Kaplan-Meier survival estimator
For each day, events d = new conversions that day, and n = users still "at risk" (haven't converted yet). Survival probability multiplies down step by step:
S(t) = Π over days i ≤ t of ( 1 − dᵢ / nᵢ ) · S(0) = 1
S(t) reads as "the probability a visitor has not yet converted by day t". The curve only drops on days with conversions, which is why it's a step function. Cumulative inputs are converted to daily events internally (dᵢ = cum(i) − cum(i−1)), and the at-risk pool shrinks as users convert.
Log-rank test
For each day with any conversions, we ask: if both arms converted at the same underlying rate, how many of that day's d events would we expect from arm A given its share of the at-risk pool?
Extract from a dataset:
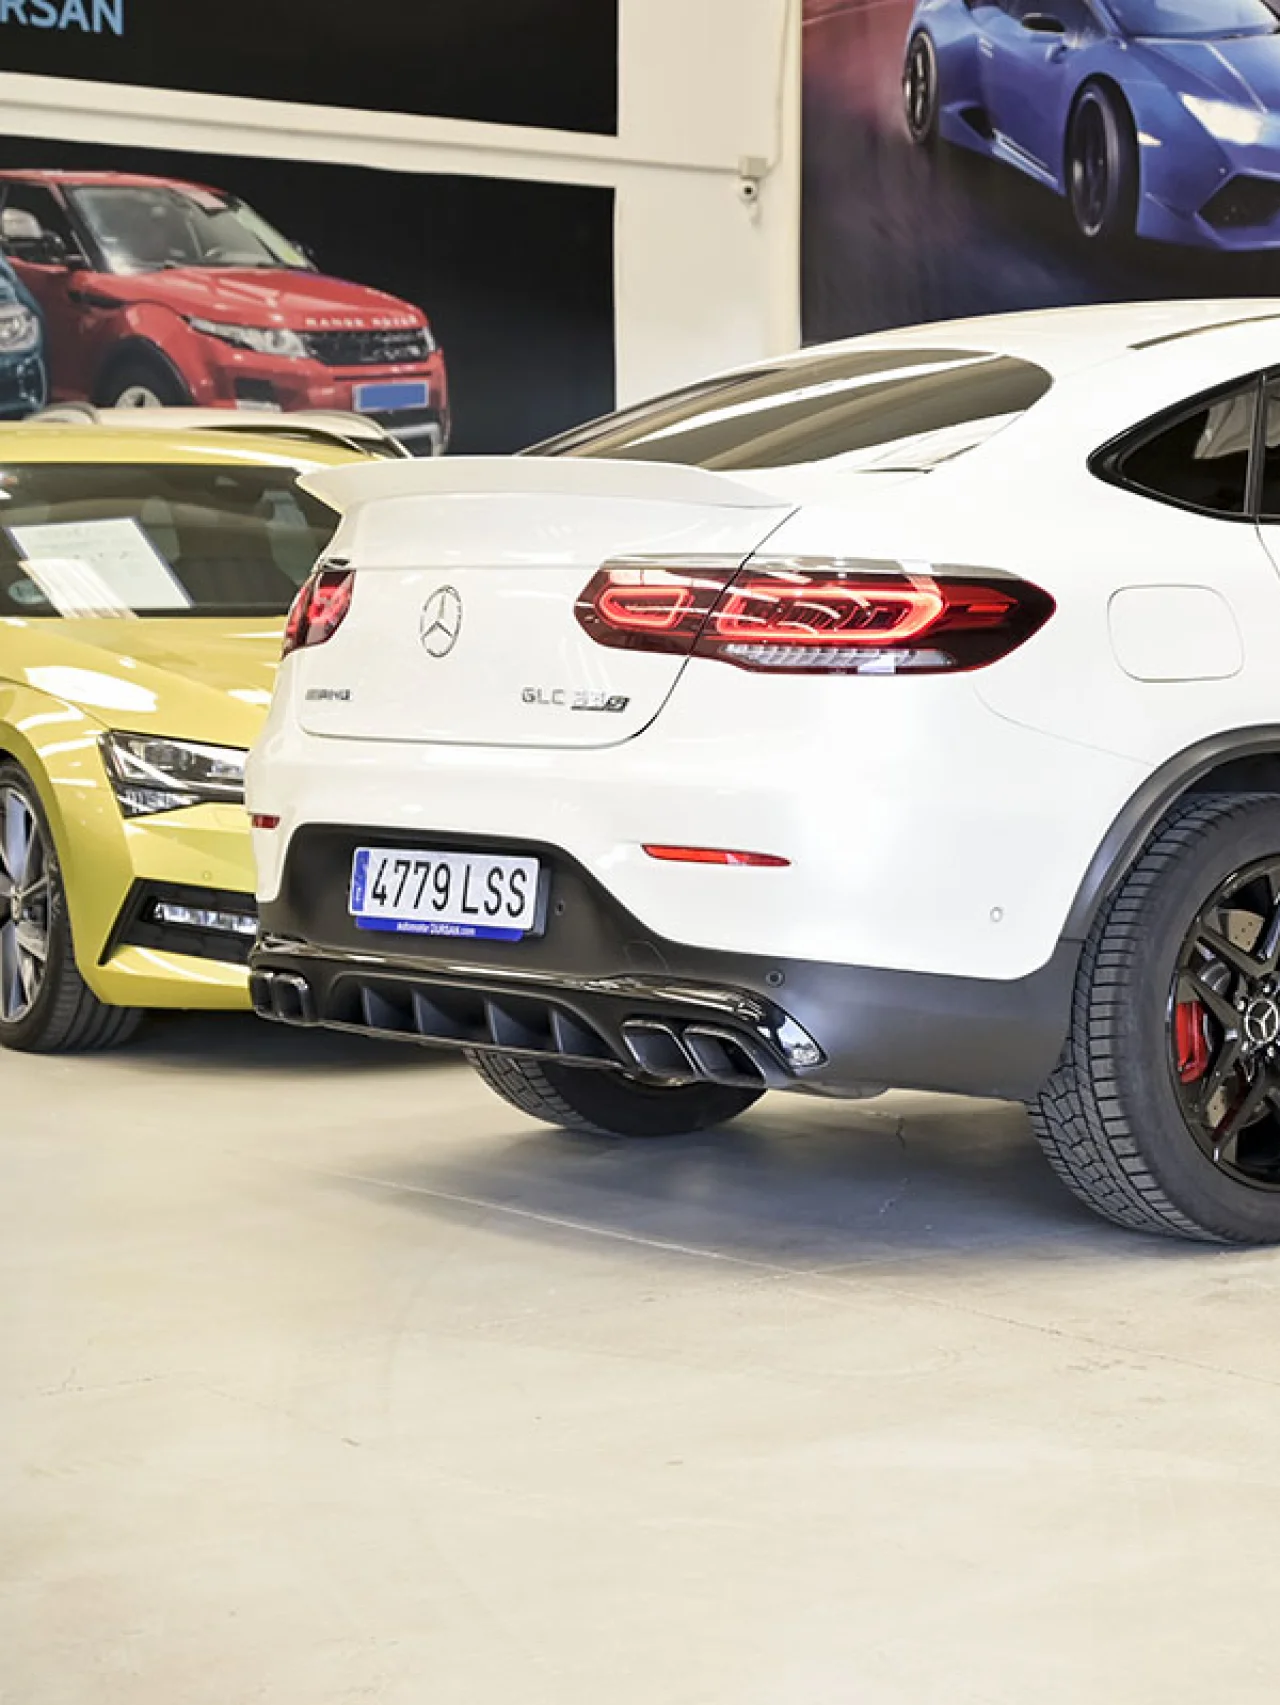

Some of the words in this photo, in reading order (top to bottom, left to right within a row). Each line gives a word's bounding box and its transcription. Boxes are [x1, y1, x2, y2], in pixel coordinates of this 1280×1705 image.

[522, 687, 565, 705] GLC
[371, 858, 450, 911] 4779
[461, 864, 527, 918] LSS
E_A = d · n_A / (n_A + n_B) · V = n_A·n_B·d·(n−d) / (n²·(n−1))
χ² = ( Σ(O_A − E_A) )² / ΣV · df = 1
Summing observed-minus-expected over all days gives a single test of whether the two curves differ, using every day's information rather than just the endpoint. This is the standard test used in clinical trials.
Hazard ratio
HR = (O_B / E_B) / (O_A / E_A) · 95% CI: exp( ln HR ± 1.96·√(1/O_A + 1/O_B) )
HR > 1 means the variant converts faster at any given moment; HR = 1.15 reads as "a not-yet-converted variant visitor is 15% more likely to convert right now than a control visitor". The CI uses the standard log-scale approximation. Interpretation assumes proportional hazards — if the curves cross, the tool warns you and the single HR number becomes unreliable.
Median time-to-convert
The first day where S(t) crosses 0.5 among eventual converters, linearly interpolated between the two surrounding days. If the curve never reaches 0.5 inside the observation window, the median is reported as "> observation window" rather than guessed.